It’s an idea that may be long overdue following the recent rash of Ponzi schemes and failed private placement deals: Revisiting the protections afforded to investors by the Securities Investor Protection Corporation (SIPC).
The SIPC, which is the public corporation charged with aiding victims when their brokerages fail or file bankruptcy, took center stage on March 7 at a Congressional hearing titled The Securities Investor Protection Corporation: Past, Present, and Future.
Steven Caruso, a partner with Maddox, Hargett and Caruso, P.C. testified at the hearing.

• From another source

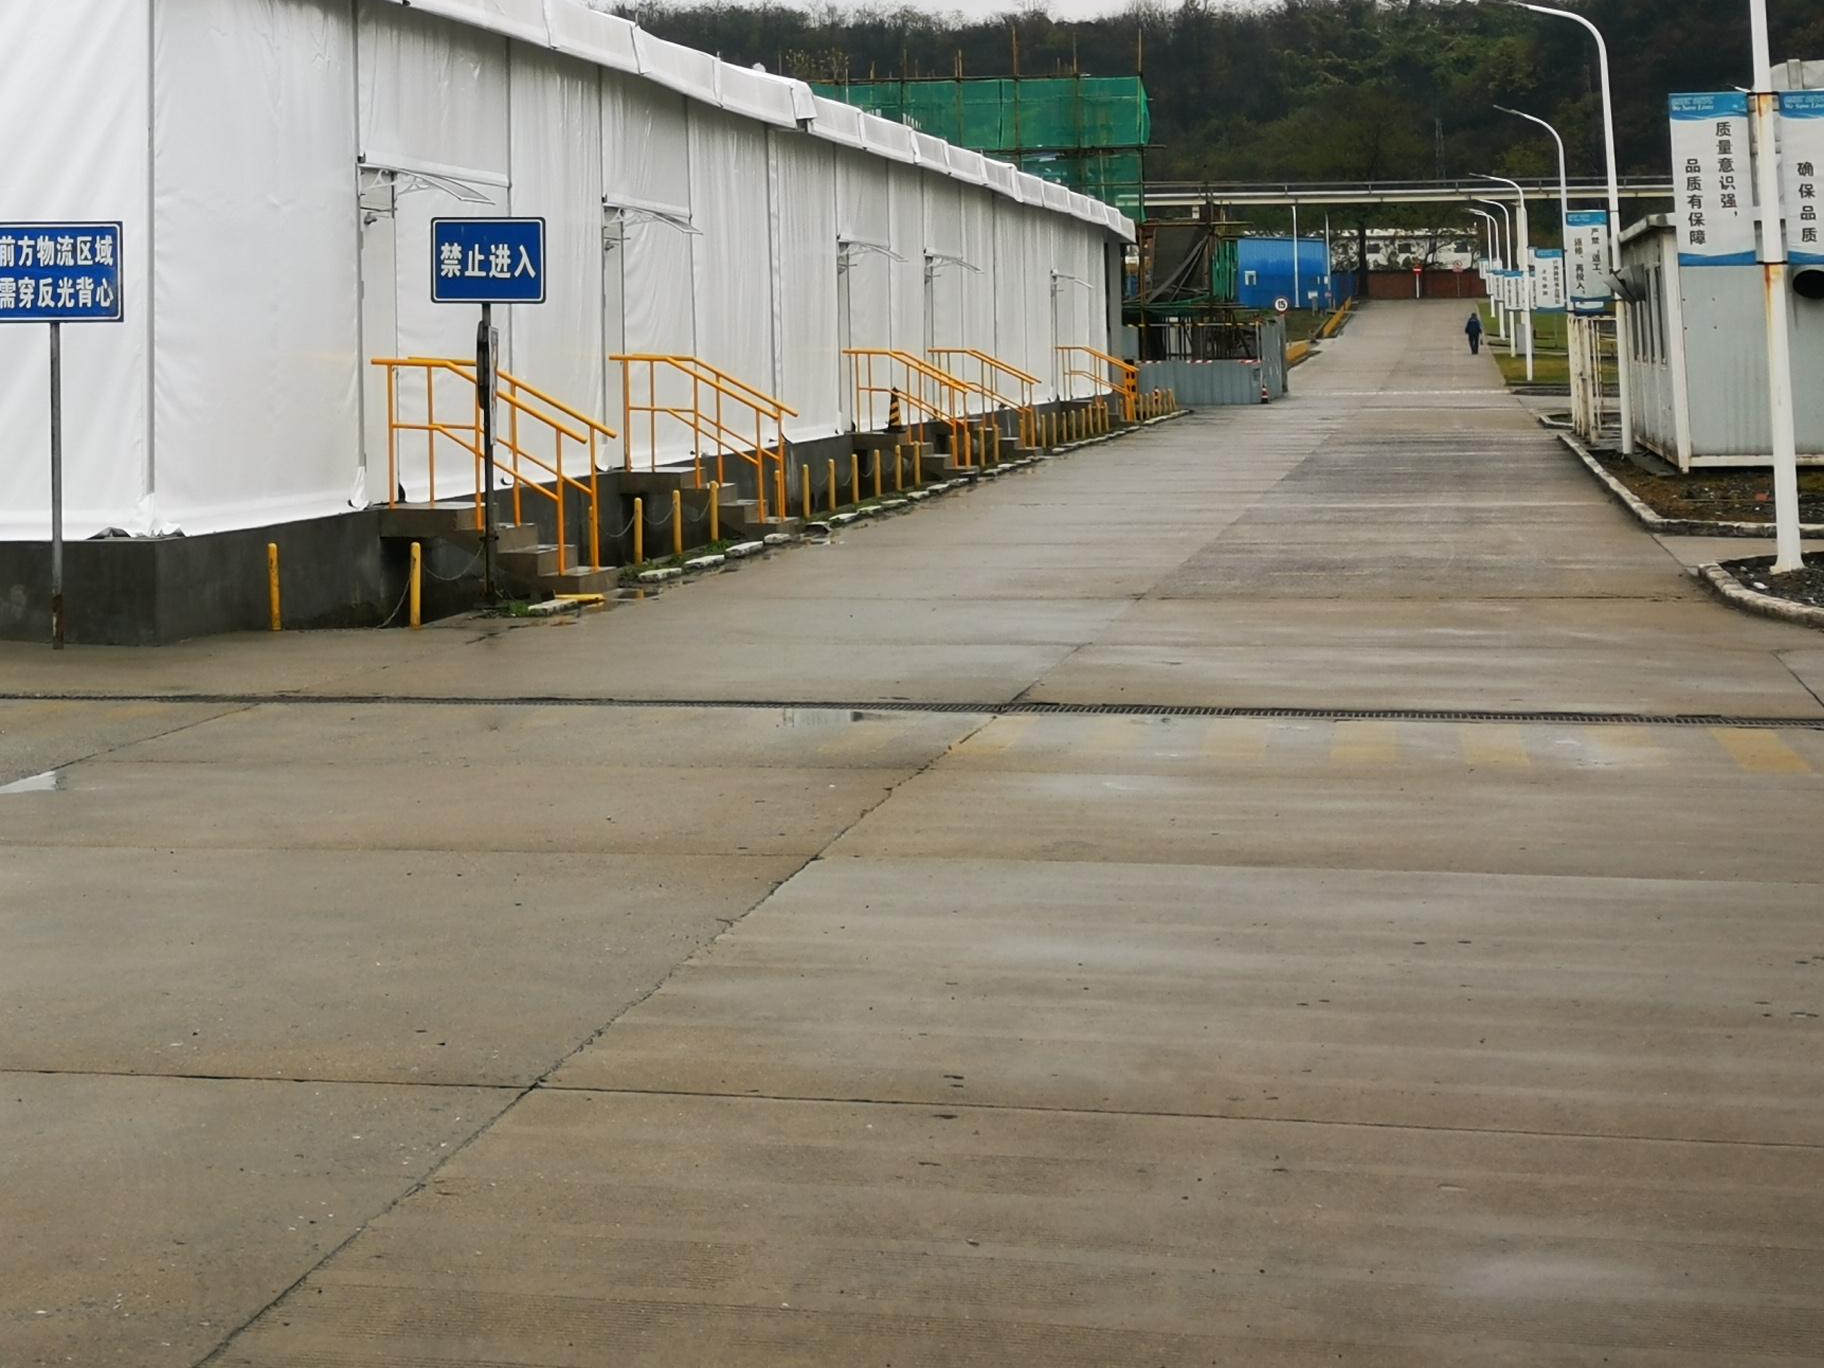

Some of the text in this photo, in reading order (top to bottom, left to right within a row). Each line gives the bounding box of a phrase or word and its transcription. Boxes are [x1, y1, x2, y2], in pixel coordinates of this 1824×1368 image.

[1685, 158, 1707, 245] 品质有保障
[1797, 161, 1818, 243] 确保品质
[440, 242, 536, 278] 禁止进入

His recommendations for improving the SIPC include increasing investor protection from $500,000 to $1.3 million and indexing that amount to the rate of inflation moving forward.
Currently, brokers pay an annual premium to fund the SIPC. Should SIPC coverage be expanded in the future, however, these same brokers may be tapped for additional funds.
Proponents of the idea say it enhances accountability, forcing brokers to improve their due diligence of the products and investments they market and sell to clients.
During the March 7 hearing, Caruso also suggested that investment advisers and brokers/dealers be required to purchase insurance given that they are entrusted with billions of dollars in investment funds.
“There is no free lunch in this world,” Caruso said in a March 7 Investment News article.
“When we have a fiduciary who is out there as an investment professional, requiring insurance will go a long way to helping potential [fraud] victims.”